Aim of the exercise: Which lines in the records below contain the word "COLD"? Copy each one.

* * * *

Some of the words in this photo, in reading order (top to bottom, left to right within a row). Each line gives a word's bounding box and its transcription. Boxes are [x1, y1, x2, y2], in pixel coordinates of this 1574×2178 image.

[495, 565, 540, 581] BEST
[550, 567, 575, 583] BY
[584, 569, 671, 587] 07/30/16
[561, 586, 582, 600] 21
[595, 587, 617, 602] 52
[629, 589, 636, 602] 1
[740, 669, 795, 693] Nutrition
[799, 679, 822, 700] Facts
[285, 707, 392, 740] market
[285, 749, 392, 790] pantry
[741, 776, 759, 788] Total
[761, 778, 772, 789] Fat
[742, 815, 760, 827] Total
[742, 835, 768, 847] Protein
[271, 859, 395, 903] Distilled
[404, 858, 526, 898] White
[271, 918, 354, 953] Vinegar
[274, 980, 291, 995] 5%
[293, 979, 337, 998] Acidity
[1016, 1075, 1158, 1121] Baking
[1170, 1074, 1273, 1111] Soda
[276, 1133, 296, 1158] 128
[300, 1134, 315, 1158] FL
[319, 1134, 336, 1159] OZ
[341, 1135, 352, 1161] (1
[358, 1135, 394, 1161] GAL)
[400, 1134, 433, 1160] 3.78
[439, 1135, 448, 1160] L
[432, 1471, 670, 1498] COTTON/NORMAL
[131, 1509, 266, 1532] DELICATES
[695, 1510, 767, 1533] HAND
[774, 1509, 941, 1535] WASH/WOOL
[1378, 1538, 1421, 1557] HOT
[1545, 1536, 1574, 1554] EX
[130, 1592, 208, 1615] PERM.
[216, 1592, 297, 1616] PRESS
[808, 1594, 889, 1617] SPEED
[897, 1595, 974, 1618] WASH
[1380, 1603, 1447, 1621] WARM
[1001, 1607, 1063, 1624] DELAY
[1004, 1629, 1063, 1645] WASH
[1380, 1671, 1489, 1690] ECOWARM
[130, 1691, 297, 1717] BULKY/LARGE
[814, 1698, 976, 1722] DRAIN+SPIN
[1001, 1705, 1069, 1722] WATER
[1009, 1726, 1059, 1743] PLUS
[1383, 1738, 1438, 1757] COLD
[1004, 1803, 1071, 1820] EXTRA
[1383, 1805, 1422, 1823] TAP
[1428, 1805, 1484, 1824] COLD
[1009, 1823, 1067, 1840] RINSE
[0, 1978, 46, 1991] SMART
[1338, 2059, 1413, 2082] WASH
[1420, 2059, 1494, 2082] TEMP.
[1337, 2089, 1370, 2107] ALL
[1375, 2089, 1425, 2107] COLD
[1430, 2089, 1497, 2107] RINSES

* * * *

Reply:
[1383, 1738, 1438, 1757] COLD
[1428, 1805, 1484, 1824] COLD
[1375, 2089, 1425, 2107] COLD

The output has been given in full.